An LPO can provide clients with educational information about mortgages and loans, using proprietary materials from its parent bank or general ones from a government agency. However, LPO processors may not offer or negotiate loan rates or terms, nor counsel consumers about residential mortgage loan rates or terms.

After gathering and analyzing all the data, the loan production office forwards the application to the bank for a final decision. The senior processor of the LPO may recommend application approval, but the actual decision should be made by the home office or a branch.

If the loan is approved, the LPO may also be responsible for delivering the bank’s check or funds to the borrower or their account.

A loan production office can only provide full loan servicing if the bank successfully petitions the state banking commissioner for permission.

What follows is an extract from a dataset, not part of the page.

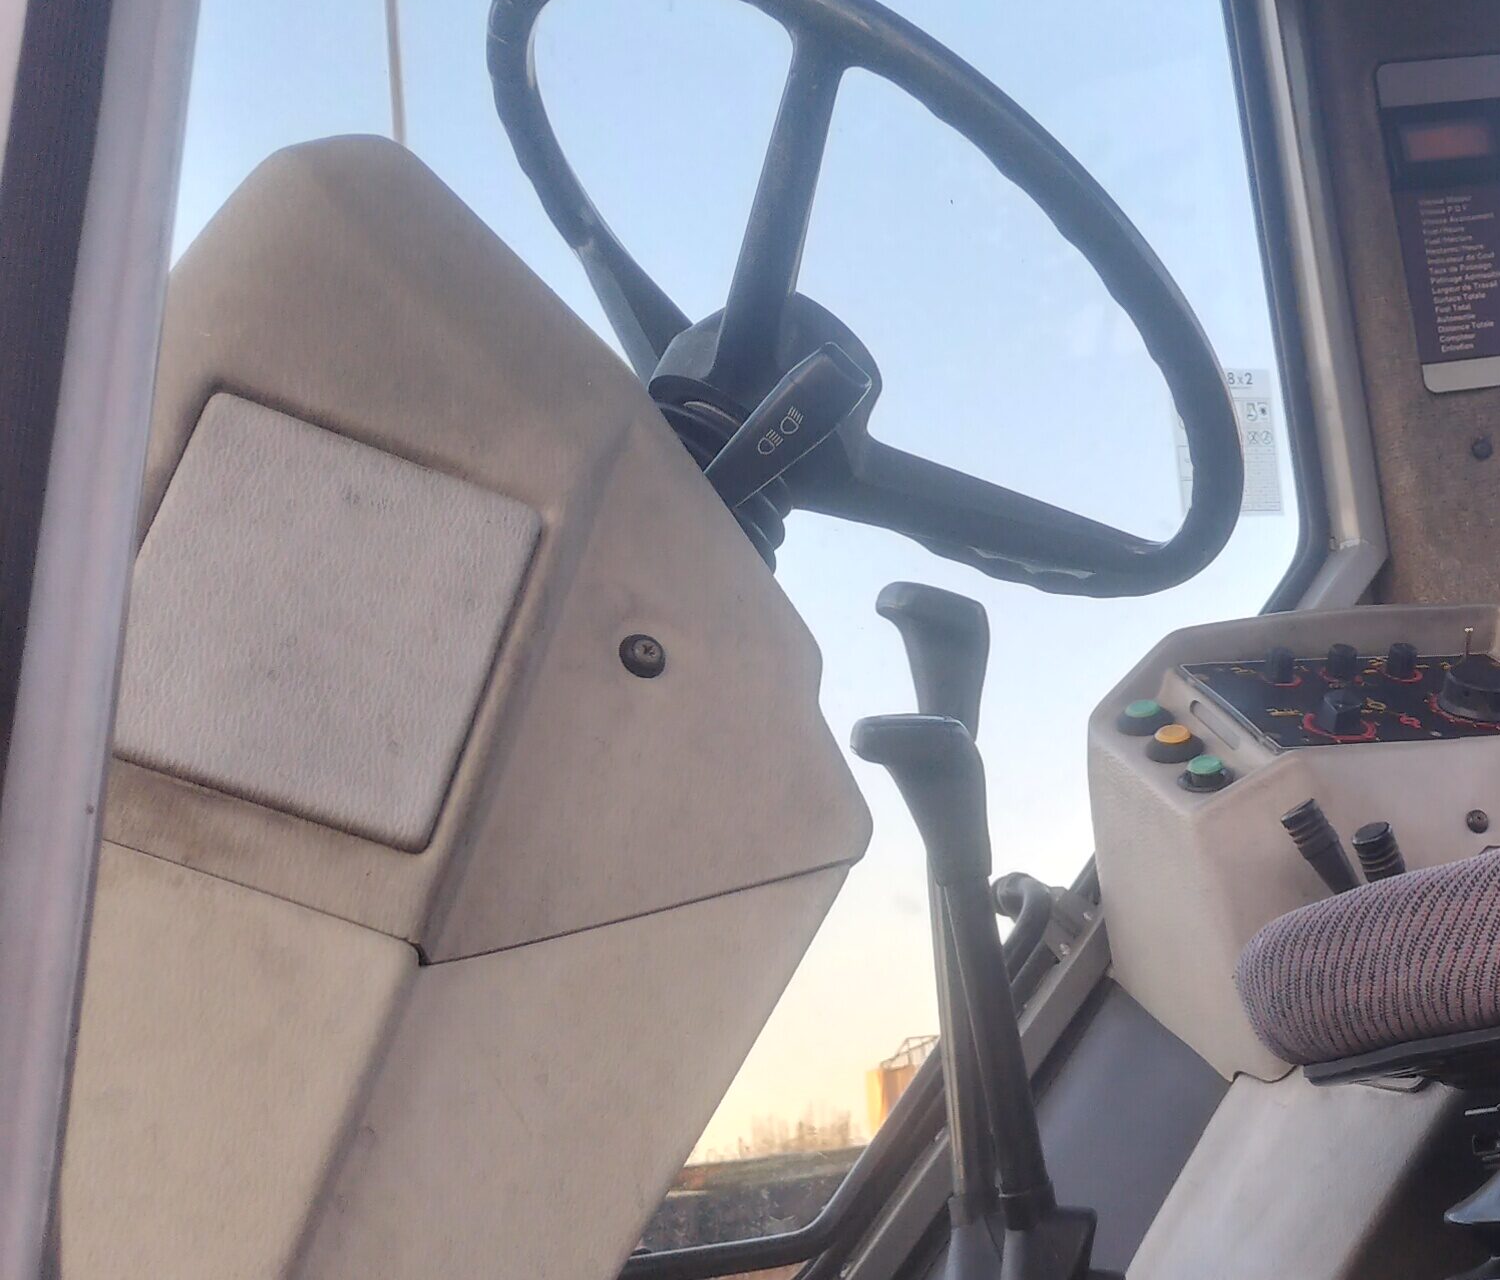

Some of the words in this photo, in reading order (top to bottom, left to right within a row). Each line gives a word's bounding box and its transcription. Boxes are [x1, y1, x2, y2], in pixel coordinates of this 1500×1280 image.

[1473, 280, 1498, 289] Travail
[1462, 292, 1486, 300] Totale
[1452, 303, 1471, 311] Total
[1471, 321, 1495, 329] Totale

Special Considerations for Loan Production Office

Since it is not a full branch of the bank, the loan production office is not required to post Federal Deposit Insurance Corporation (FDIC) or Availability of Funds and Collection of Checks (Regulation CC) policies or signage. However, the office should display an Equal Housing Lender poster, which is a requirement wherever deposits are received or loans made.

LPO vs. Loan Servicer

Although they both provide financing support services, an LPO is not the same as a loan servicer. LPOs only administer the process from application to disbursement of a loan. In contrast, the loan servicer administers the loan from the time the proceeds are dispersed until it is paid off.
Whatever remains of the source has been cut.